Kalman Filter, Object tracking and translation of 2D data to 1D signals
Observation and Identification of Erythrocyte Cell Membrane Vibrations for Differential Diagnosis
Developed a diagnostic technology that can identify visual and non-visual abnormality in an erythrocyte sample.
Skills and Expertise:
Image and Signal Processing using Matlab, SIMULINK:- Kalman Filter, template matching ; Fluorescent Microscopy, Bradford Protein Assay
1. Observing non visual abnormality of RBCs for Disease diagnosis:
Description:
-Controlled heat excitation causes vibration of the RBC membrane. This was precisely recorded, detected and tracked using KALMAN filter implemented in MATLAB and SIMULINK
-The observed frequency of vibration varies for different normal blood samples and significantly for blood infected by S.typhi & blood with abnormal cholesterol.
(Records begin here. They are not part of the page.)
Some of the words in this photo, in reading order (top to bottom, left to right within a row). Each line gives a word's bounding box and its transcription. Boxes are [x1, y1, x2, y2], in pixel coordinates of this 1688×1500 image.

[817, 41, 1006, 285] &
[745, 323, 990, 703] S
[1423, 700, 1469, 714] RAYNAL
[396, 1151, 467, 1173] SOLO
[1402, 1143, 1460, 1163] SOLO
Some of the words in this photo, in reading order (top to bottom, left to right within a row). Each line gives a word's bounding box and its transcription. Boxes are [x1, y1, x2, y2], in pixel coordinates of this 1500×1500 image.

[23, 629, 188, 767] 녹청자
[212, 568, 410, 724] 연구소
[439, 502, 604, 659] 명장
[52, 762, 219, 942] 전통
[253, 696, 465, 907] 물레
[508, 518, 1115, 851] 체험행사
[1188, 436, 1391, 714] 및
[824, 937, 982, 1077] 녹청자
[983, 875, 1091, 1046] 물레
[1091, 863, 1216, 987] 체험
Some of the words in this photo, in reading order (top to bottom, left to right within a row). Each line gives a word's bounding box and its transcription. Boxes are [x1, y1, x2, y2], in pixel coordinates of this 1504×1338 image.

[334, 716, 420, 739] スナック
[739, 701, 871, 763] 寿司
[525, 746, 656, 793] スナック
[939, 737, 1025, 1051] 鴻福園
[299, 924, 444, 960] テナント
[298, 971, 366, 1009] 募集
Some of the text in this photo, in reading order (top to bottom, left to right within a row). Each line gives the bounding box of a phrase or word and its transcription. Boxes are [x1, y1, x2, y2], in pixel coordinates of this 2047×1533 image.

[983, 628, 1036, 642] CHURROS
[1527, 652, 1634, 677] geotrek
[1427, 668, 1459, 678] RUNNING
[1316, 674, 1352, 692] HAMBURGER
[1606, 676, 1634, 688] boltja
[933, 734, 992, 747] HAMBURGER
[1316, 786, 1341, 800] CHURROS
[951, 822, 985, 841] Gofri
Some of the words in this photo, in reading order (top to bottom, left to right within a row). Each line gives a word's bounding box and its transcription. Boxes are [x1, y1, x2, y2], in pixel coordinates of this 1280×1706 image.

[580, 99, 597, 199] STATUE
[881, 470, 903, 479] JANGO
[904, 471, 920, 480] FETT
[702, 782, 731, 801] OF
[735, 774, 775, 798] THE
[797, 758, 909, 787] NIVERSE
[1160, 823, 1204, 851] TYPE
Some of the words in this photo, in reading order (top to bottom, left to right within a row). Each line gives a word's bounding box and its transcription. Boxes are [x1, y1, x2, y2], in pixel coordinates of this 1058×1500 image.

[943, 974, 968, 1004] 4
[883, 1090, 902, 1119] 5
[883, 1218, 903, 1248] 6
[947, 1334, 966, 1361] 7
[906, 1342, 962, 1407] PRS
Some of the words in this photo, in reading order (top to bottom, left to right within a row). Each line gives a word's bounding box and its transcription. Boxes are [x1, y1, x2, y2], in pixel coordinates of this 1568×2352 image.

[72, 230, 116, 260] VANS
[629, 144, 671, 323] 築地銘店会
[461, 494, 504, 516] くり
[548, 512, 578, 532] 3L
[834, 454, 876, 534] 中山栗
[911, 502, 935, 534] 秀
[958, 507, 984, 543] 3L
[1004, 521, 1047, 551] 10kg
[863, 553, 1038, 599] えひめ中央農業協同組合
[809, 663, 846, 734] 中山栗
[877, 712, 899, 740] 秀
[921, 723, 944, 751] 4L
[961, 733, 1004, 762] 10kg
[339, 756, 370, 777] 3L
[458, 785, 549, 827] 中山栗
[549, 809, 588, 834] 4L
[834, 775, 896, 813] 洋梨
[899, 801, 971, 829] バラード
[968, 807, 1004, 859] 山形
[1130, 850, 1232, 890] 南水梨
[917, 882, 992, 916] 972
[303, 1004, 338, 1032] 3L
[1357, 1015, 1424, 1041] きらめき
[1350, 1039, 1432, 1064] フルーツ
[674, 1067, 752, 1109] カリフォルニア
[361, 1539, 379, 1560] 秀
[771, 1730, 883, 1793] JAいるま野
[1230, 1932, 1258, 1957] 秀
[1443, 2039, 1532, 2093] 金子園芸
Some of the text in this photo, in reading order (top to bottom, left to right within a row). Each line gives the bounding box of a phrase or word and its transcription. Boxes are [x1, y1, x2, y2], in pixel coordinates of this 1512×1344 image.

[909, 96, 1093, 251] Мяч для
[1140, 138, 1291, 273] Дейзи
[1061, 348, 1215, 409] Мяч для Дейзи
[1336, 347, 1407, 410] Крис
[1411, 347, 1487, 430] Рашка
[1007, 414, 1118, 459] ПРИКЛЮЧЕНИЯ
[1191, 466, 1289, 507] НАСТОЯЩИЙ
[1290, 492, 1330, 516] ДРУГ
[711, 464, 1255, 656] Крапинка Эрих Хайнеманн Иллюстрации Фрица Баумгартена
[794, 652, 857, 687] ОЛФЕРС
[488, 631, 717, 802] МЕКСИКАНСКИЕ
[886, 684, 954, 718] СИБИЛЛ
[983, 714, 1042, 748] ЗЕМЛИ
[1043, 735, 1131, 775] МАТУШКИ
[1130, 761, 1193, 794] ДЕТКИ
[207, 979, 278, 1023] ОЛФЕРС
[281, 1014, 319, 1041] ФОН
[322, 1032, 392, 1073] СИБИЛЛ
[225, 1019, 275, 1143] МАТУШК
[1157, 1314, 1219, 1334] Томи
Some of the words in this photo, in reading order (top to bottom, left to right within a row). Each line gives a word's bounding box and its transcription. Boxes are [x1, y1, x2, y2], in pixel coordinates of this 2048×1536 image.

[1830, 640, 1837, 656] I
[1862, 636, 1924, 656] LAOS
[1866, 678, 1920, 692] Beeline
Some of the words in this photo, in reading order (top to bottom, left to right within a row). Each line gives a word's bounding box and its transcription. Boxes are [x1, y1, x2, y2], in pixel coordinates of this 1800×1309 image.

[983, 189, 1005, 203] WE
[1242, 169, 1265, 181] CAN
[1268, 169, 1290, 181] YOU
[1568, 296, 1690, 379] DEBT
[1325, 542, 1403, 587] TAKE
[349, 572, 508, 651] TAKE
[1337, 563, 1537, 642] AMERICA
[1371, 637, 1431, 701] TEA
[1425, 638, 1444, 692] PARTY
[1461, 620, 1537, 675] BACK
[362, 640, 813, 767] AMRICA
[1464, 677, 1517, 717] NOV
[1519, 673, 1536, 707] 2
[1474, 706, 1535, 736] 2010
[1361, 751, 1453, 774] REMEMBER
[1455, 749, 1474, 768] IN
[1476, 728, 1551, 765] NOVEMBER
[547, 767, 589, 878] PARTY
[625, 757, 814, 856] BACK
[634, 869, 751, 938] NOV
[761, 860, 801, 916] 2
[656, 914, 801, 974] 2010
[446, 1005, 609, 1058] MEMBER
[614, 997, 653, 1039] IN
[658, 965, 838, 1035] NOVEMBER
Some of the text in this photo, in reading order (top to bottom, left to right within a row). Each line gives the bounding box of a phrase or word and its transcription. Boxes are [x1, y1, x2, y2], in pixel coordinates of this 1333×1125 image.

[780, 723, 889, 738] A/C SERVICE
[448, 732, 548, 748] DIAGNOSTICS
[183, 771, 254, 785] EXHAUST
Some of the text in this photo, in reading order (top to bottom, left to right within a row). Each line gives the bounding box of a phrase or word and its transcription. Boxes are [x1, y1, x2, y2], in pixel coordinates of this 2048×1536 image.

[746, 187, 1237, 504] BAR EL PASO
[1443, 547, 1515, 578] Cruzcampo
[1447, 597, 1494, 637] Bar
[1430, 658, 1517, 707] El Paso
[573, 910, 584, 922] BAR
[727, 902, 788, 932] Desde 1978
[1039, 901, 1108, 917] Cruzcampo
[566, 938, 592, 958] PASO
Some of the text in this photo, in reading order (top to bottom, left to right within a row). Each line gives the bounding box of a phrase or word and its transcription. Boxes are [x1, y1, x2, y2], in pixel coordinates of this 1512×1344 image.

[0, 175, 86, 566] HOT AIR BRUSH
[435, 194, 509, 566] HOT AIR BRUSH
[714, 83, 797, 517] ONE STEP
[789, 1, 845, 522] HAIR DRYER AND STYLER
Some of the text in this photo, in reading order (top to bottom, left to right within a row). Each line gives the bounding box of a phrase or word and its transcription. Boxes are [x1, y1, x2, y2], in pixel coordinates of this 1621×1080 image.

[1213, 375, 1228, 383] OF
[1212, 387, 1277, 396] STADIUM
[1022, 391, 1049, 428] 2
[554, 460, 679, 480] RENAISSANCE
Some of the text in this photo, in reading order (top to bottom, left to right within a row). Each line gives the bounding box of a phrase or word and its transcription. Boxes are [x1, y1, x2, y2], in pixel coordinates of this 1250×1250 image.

-A mathematical explanation for the vibration frequency was derived & a model was proposed. Overall Blood protein was estimated & correlated
-The lipid bilayer rupture time and the observed vibration waveform shows direct correlation to RBC surface and intra+extracellular parameters; #Cell vibration- frequency
Innovation: This technique might surpass the conventional biochemical techniques; Discovered parameters like RBC rupture time, Vibration frequency
2. Observing Visual abnormality of RBCs for Disease diagnosis:
Observing visual abnormality in Erythrocyte sample by template matching of test-image with a database of various diseased erythrocyte images.